Information and learning should be shared more widely to maximise its usefulness and to make the
most of scarce resources. Learning from past experience increases effectiveness and results in better
outcomes. Organisations should document and share research information.

Examples:

  22. Document and publish urban-related research and best practice procedures and make this
information available to others.
  23. Participate in joint programmes of research with central and local government, universities and
research agencies to maximise efficiency and increase co-ordination.
  24. Make available a list of members and staff with specialist urban design expertise who can assist in
urban design projects.
  25. Organise and host forums and networks to further debate on urban design issues.
  26. Provide continuing professional development training and information to members, possibly in
collaboration with other groups.
  27. Review the urban design components of tertiary education professional programmes.
  28. Document case studies of good urban design practice, including demonstration projects.
Integrating management
Urban areas are complex systems that require integrated management to achieve quality urban design.
Professionals need to work with other disciplines and sector organisations to ensure built environment
projects address the full spectrum of urban design issues.

Examples:

 29. Develop a multi-disciplinary approach to urban design within your organisation and in working with
other organisations.
 30. Work in partnership with other professionals, central and local government and the community on
major development schemes to ensure integrated approaches and outcomes.

Building capacity
Organisations need to build capacity in urban design to help shape and influence the development of
our towns and cities.

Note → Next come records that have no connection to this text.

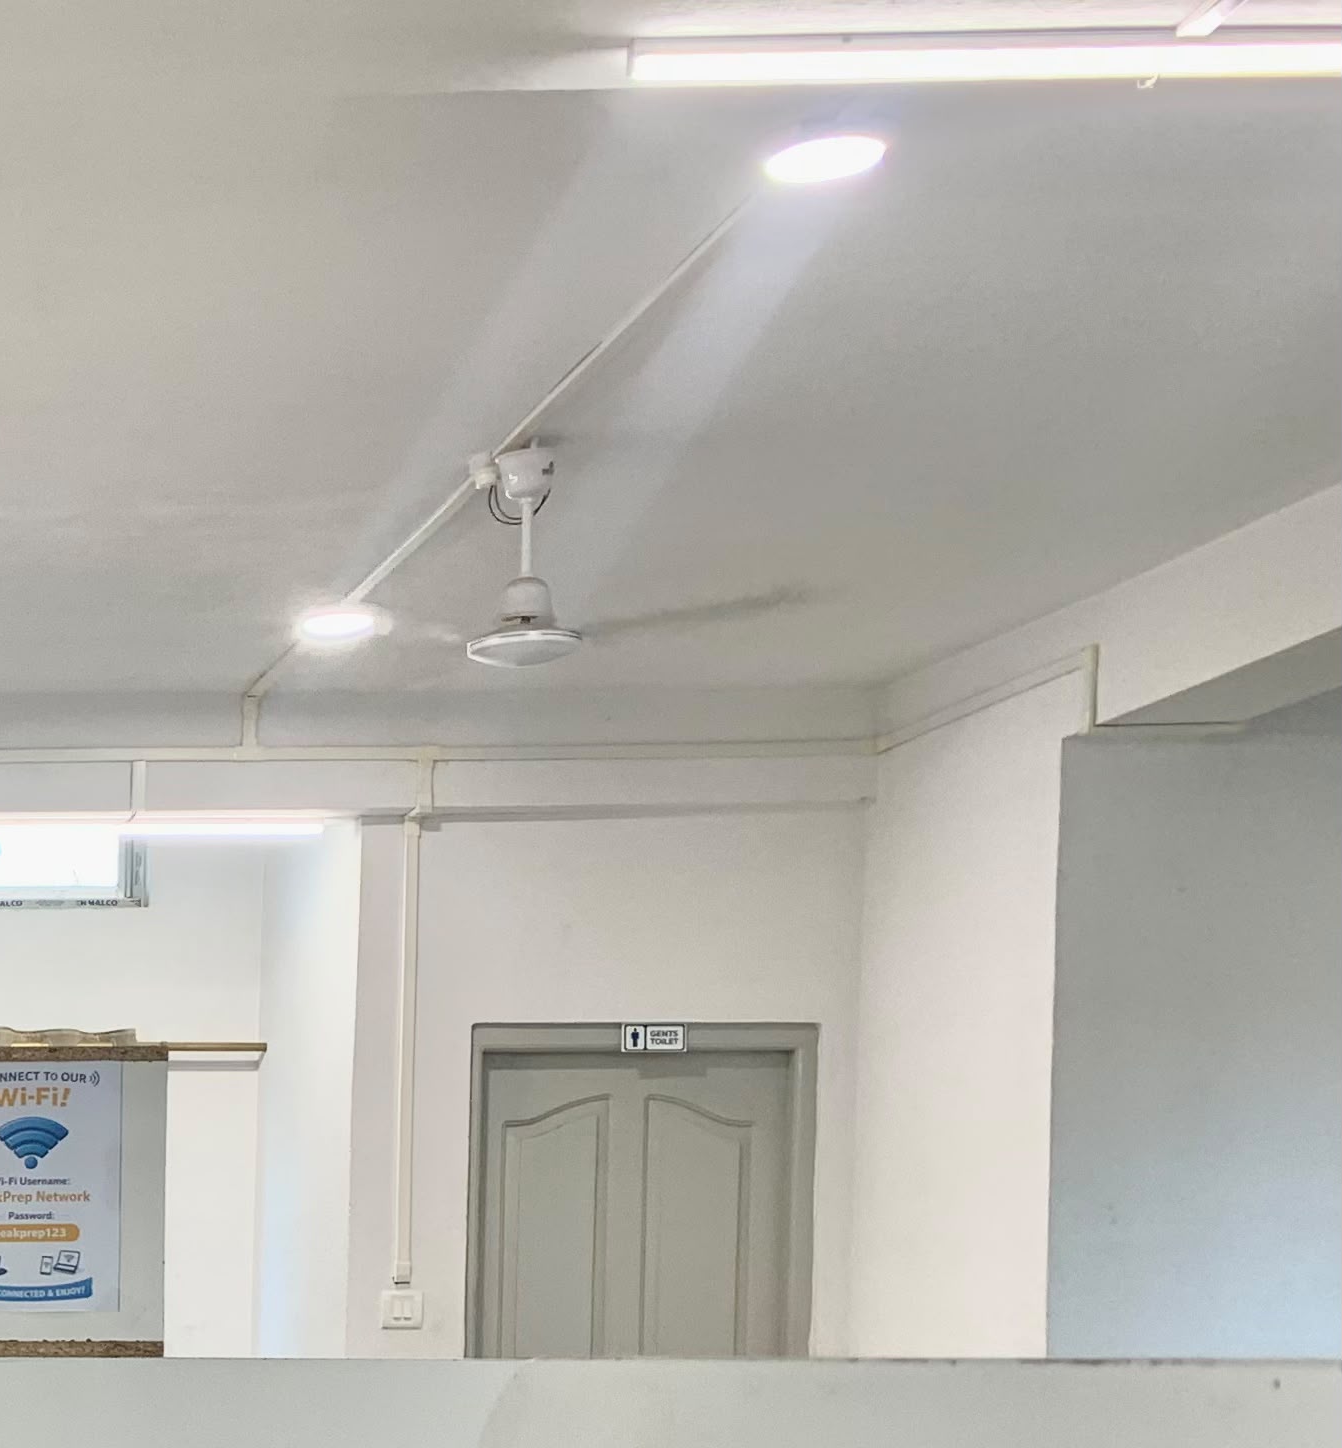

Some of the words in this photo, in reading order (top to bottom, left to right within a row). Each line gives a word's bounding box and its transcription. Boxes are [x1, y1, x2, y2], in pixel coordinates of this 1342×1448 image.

[60, 1073, 87, 1083] OUR
[20, 1177, 70, 1186] Username:
[37, 1191, 90, 1202] Network
[8, 1211, 55, 1221] Password:
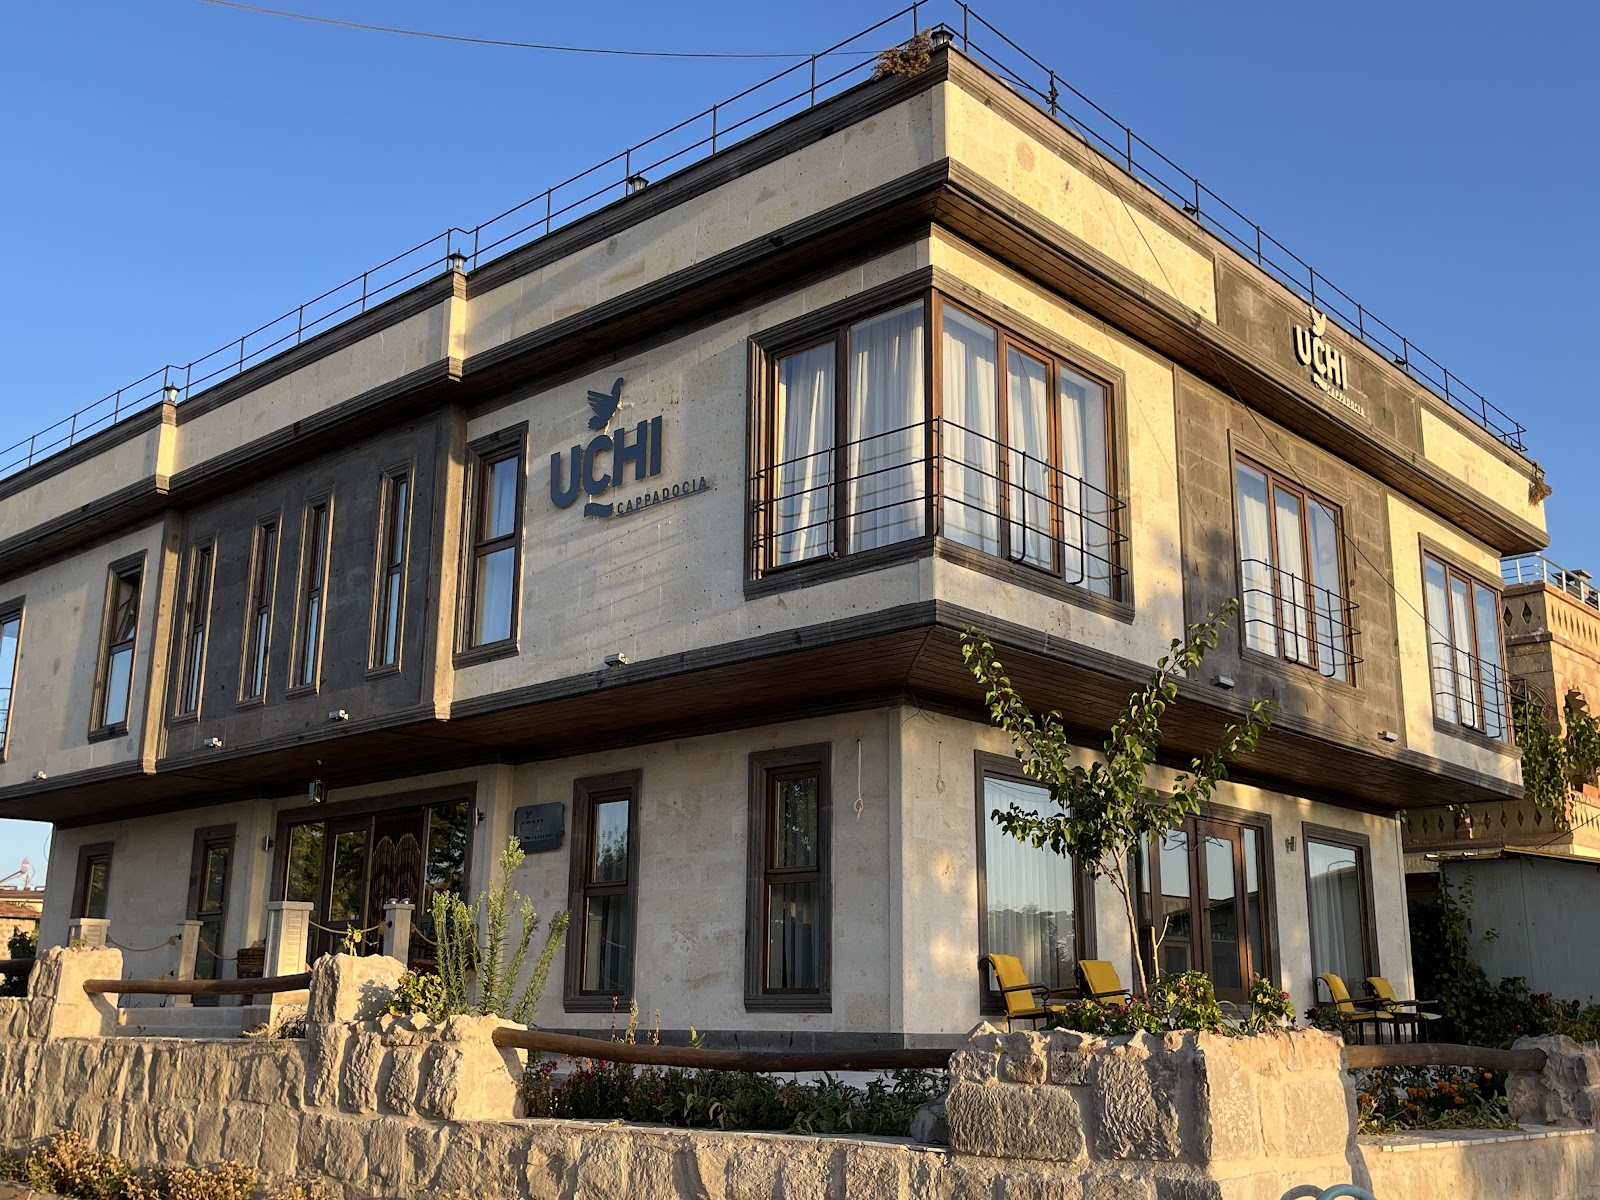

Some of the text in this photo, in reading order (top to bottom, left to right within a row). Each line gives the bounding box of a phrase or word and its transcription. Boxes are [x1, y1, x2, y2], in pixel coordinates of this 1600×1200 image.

[1295, 324, 1348, 391] UCHI
[1327, 385, 1366, 418] CAPPADOCIA
[550, 415, 662, 509] UCHI
[617, 476, 708, 515] CAPPADOCIA

Training for staff in urban design is critical to enable them to understand and carry
out their role effectively.

Examples:

 31. Offer training and education programmes to all staff and members to increase their understanding
of urban design issues.
 32. Work in partnership with other organisations, local councils and central government agencies to
provide effective training and education programmes on urban design at a range of levels for all
disciplines involved in managing the urban environment.




Extract from the Template for Action Plans

Attached is a suggested format for putting together your action plan to implement the Urban Design
Protocol. It is not compulsory for you to use this format for your action plan, but rather might provide
some ideas as you get started in preparing an action plan for your organisation. Using this format will
help ensure consistency and make it easier to put together a national report on what actions are being
undertaken. The suggested format also includes an example from the Ministry for the Environment‟s
action plan.

You have only one mandatory action: appointing an Urban Design Champion for your organisation.
That is someone influential at a senior level who can promote and champion urban design, and who can
challenge existing approaches throughout your organisation. The Ministry for the Environment is
currently preparing information on how to select a champion for your organisation. We estimate this
information will be available on the Ministry website at the end of May and will inform you when it is.

The Urban Design Action Pack has a list of ideas for additional actions and examples of the sort of
actions your organisation might take to implement the Protocol.

As a signatory you will also be asked to monitor and report to the Ministry on the implementation of your
action plan. The „Action Pack‟ offers a guide to the type of information you should be collecting,
including an indicative monitoring questionnaire. Using this format for putting together your action plan
will also make it easier to carry out your monitoring.